Task instructions » Please reproduce the data exactly, though every picture must stay out.

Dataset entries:

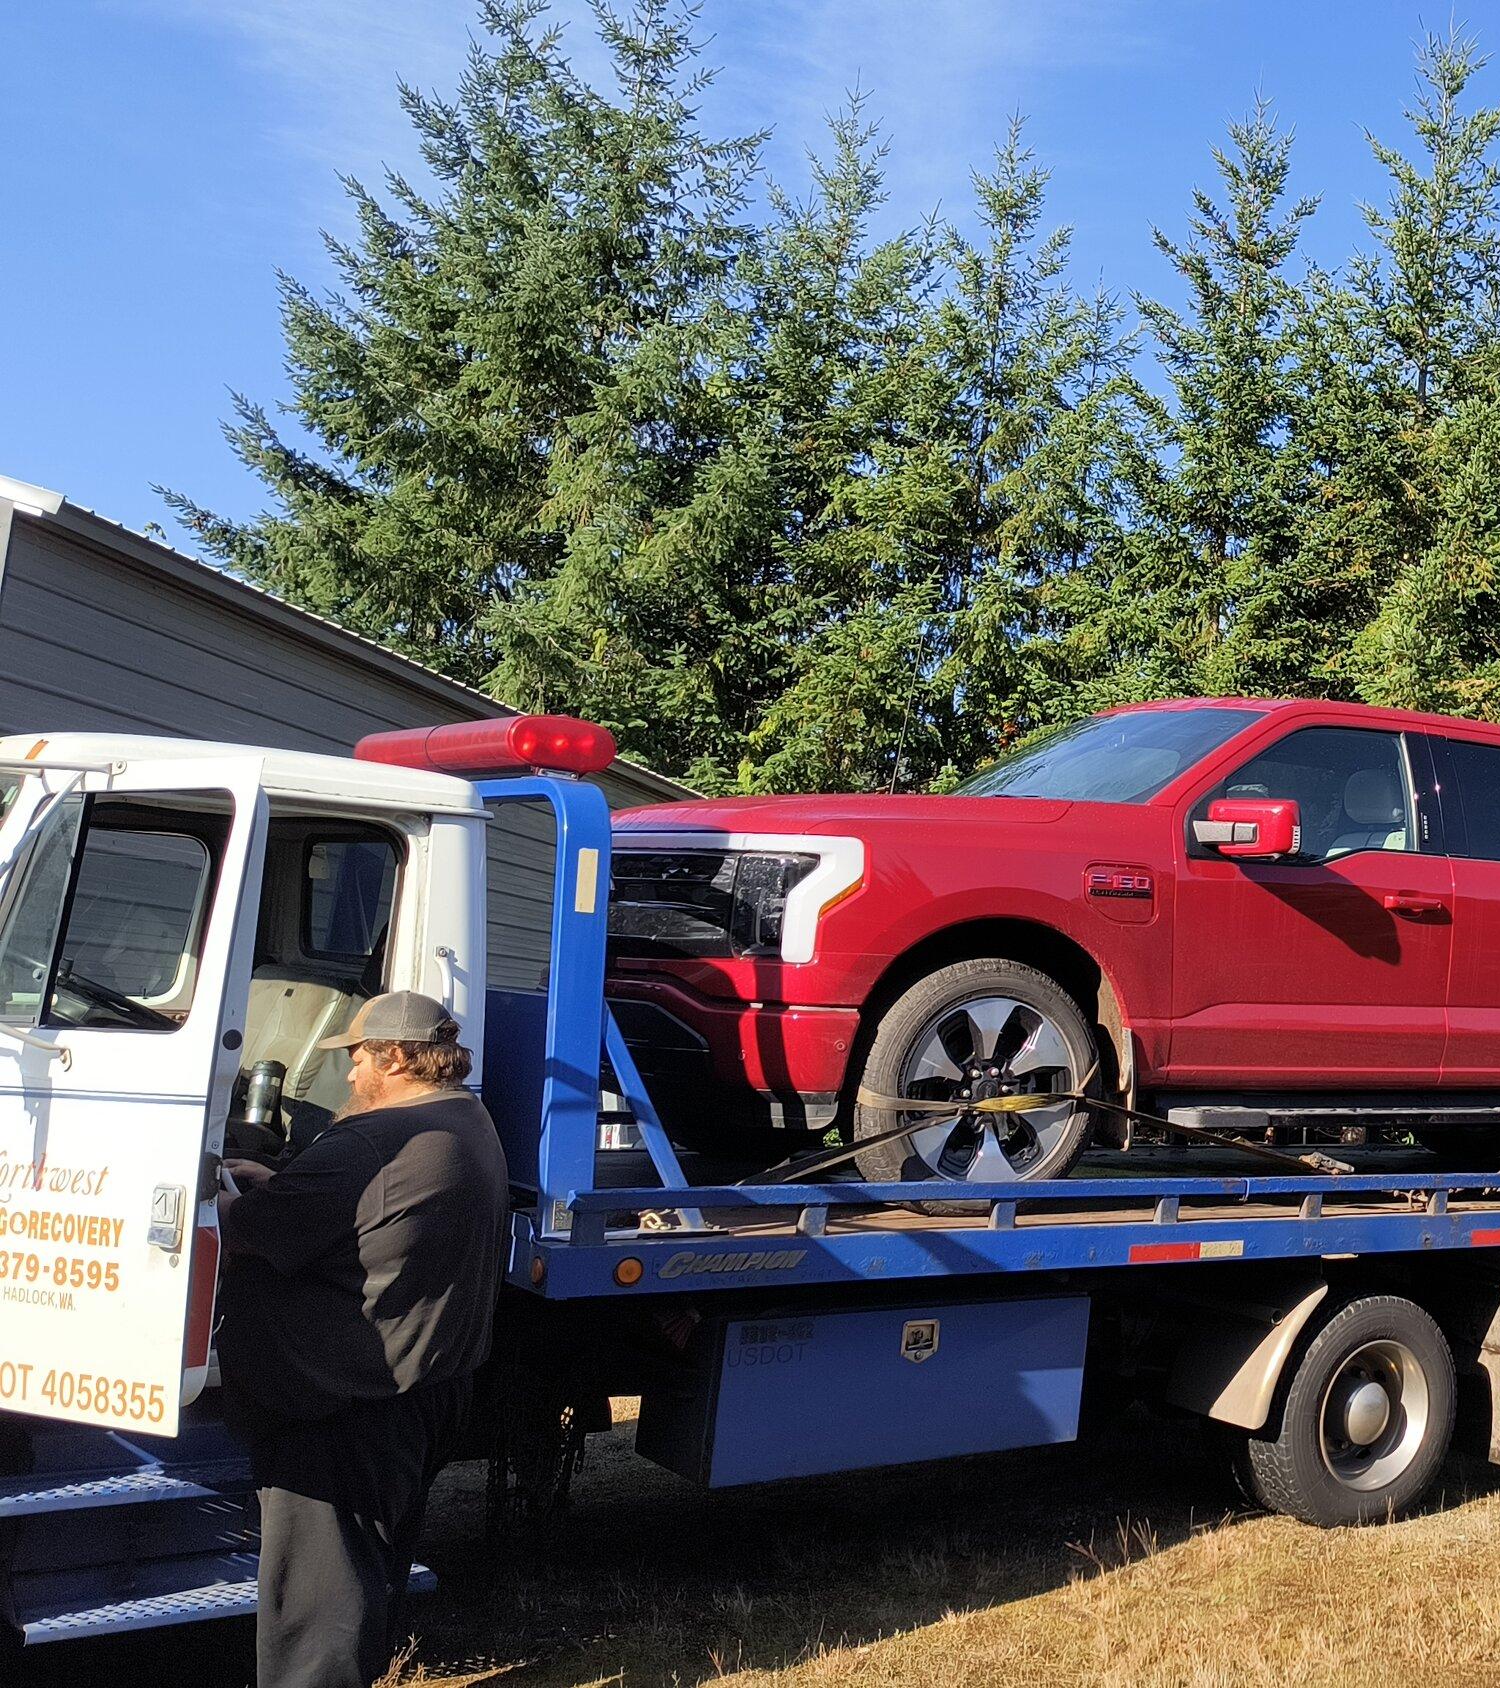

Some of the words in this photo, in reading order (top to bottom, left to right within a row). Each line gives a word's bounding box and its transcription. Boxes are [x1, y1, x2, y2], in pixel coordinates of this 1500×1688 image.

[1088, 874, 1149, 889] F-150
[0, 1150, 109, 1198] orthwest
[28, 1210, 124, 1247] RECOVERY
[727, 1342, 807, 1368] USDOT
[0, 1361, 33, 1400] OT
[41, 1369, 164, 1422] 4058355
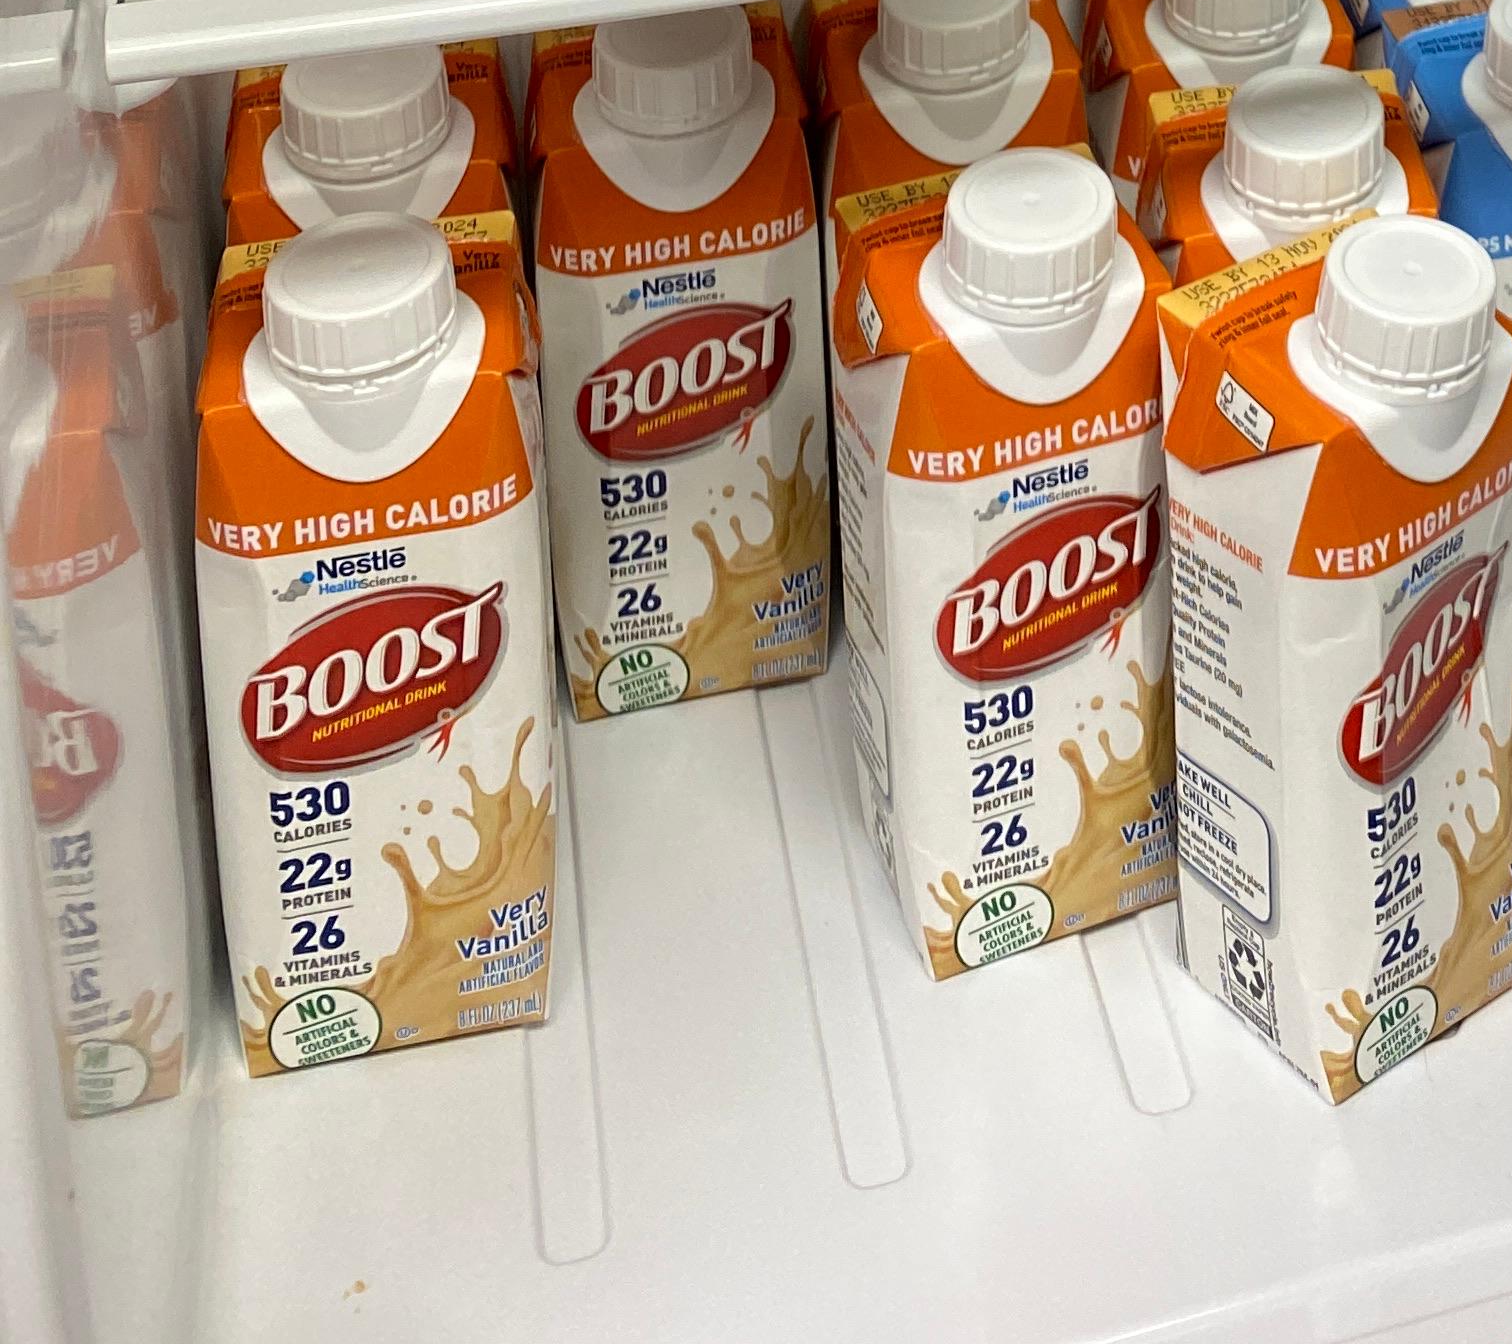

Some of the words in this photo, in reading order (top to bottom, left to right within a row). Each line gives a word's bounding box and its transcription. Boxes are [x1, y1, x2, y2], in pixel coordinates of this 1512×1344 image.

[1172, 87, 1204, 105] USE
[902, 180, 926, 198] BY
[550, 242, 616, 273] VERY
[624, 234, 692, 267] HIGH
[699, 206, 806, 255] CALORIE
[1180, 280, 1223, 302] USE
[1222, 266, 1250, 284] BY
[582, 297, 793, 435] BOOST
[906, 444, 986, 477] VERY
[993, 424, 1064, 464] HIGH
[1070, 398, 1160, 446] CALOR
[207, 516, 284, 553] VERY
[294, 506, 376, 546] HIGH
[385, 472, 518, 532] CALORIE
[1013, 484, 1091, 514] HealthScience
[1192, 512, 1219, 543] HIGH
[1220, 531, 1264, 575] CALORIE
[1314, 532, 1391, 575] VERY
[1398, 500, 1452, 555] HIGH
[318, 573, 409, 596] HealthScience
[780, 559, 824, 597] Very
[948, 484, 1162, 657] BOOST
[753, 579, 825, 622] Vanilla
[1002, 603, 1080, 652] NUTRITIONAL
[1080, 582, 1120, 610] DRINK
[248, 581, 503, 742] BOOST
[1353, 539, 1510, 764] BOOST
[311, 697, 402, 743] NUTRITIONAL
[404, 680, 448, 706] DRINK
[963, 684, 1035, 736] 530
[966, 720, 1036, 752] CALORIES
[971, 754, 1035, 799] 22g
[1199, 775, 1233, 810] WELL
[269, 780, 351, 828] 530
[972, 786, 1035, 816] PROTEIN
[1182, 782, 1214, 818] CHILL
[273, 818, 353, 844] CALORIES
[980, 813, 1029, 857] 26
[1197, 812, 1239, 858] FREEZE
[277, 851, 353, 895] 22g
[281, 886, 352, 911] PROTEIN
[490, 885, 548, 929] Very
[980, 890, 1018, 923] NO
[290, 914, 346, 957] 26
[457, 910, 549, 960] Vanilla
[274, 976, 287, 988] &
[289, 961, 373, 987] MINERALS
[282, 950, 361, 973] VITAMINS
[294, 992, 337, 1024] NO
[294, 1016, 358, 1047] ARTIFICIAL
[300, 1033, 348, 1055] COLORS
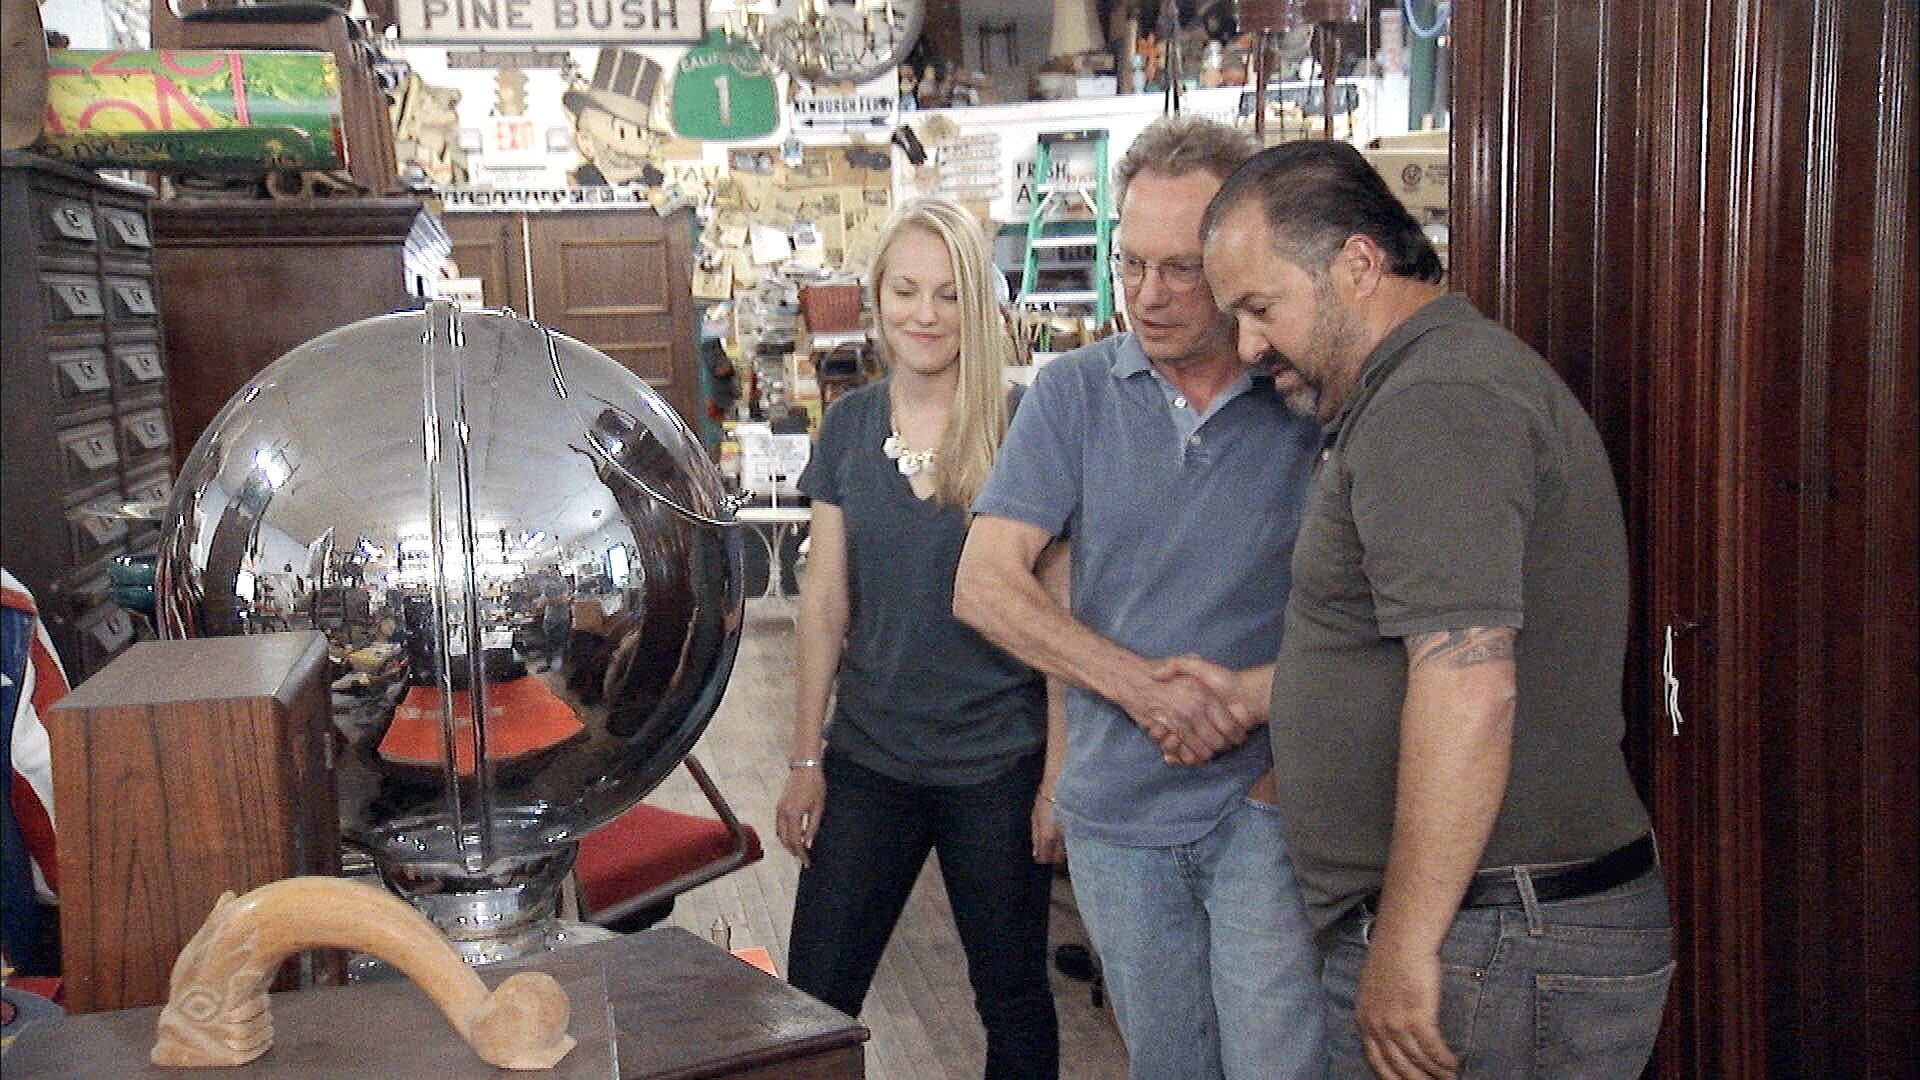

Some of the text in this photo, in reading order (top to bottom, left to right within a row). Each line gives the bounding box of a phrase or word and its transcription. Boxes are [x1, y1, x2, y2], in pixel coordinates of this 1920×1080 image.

Answer for this exercise »
Some of the words in this photo, in reading order (top to bottom, left to right within a row). Each line gives a word's bounding box and its transcription. Boxes are [x1, y1, x2, y2], in pixel coordinates of this 1500×1688 image.

[1088, 874, 1149, 889] F-150
[0, 1150, 109, 1198] orthwest
[28, 1210, 124, 1247] RECOVERY
[727, 1342, 807, 1368] USDOT
[0, 1361, 33, 1400] OT
[41, 1369, 164, 1422] 4058355

Some of the words in this photo, in reading order (top to bottom, left to right within a row). Each line gives a word's bounding box and its transcription. Boxes are [x1, y1, x2, y2], in pixel coordinates of this 1512×1344 image.

[1172, 87, 1204, 105] USE
[902, 180, 926, 198] BY
[550, 242, 616, 273] VERY
[624, 234, 692, 267] HIGH
[699, 206, 806, 255] CALORIE
[1180, 280, 1223, 302] USE
[1222, 266, 1250, 284] BY
[582, 297, 793, 435] BOOST
[906, 444, 986, 477] VERY
[993, 424, 1064, 464] HIGH
[1070, 398, 1160, 446] CALOR
[207, 516, 284, 553] VERY
[294, 506, 376, 546] HIGH
[385, 472, 518, 532] CALORIE
[1013, 484, 1091, 514] HealthScience
[1192, 512, 1219, 543] HIGH
[1220, 531, 1264, 575] CALORIE
[1314, 532, 1391, 575] VERY
[1398, 500, 1452, 555] HIGH
[318, 573, 409, 596] HealthScience
[780, 559, 824, 597] Very
[948, 484, 1162, 657] BOOST
[753, 579, 825, 622] Vanilla
[1002, 603, 1080, 652] NUTRITIONAL
[1080, 582, 1120, 610] DRINK
[248, 581, 503, 742] BOOST
[1353, 539, 1510, 764] BOOST
[311, 697, 402, 743] NUTRITIONAL
[404, 680, 448, 706] DRINK
[963, 684, 1035, 736] 530
[966, 720, 1036, 752] CALORIES
[971, 754, 1035, 799] 22g
[1199, 775, 1233, 810] WELL
[269, 780, 351, 828] 530
[972, 786, 1035, 816] PROTEIN
[1182, 782, 1214, 818] CHILL
[273, 818, 353, 844] CALORIES
[980, 813, 1029, 857] 26
[1197, 812, 1239, 858] FREEZE
[277, 851, 353, 895] 22g
[281, 886, 352, 911] PROTEIN
[490, 885, 548, 929] Very
[980, 890, 1018, 923] NO
[290, 914, 346, 957] 26
[457, 910, 549, 960] Vanilla
[274, 976, 287, 988] &
[289, 961, 373, 987] MINERALS
[282, 950, 361, 973] VITAMINS
[294, 992, 337, 1024] NO
[294, 1016, 358, 1047] ARTIFICIAL
[300, 1033, 348, 1055] COLORS

Some of the text in this photo, in reading order (top to bottom, left to right within a row). Each line gives the bounding box of a phrase or word and its transcription. Boxes are [x1, y1, x2, y2], in pixel coordinates of this 1920×1080 image.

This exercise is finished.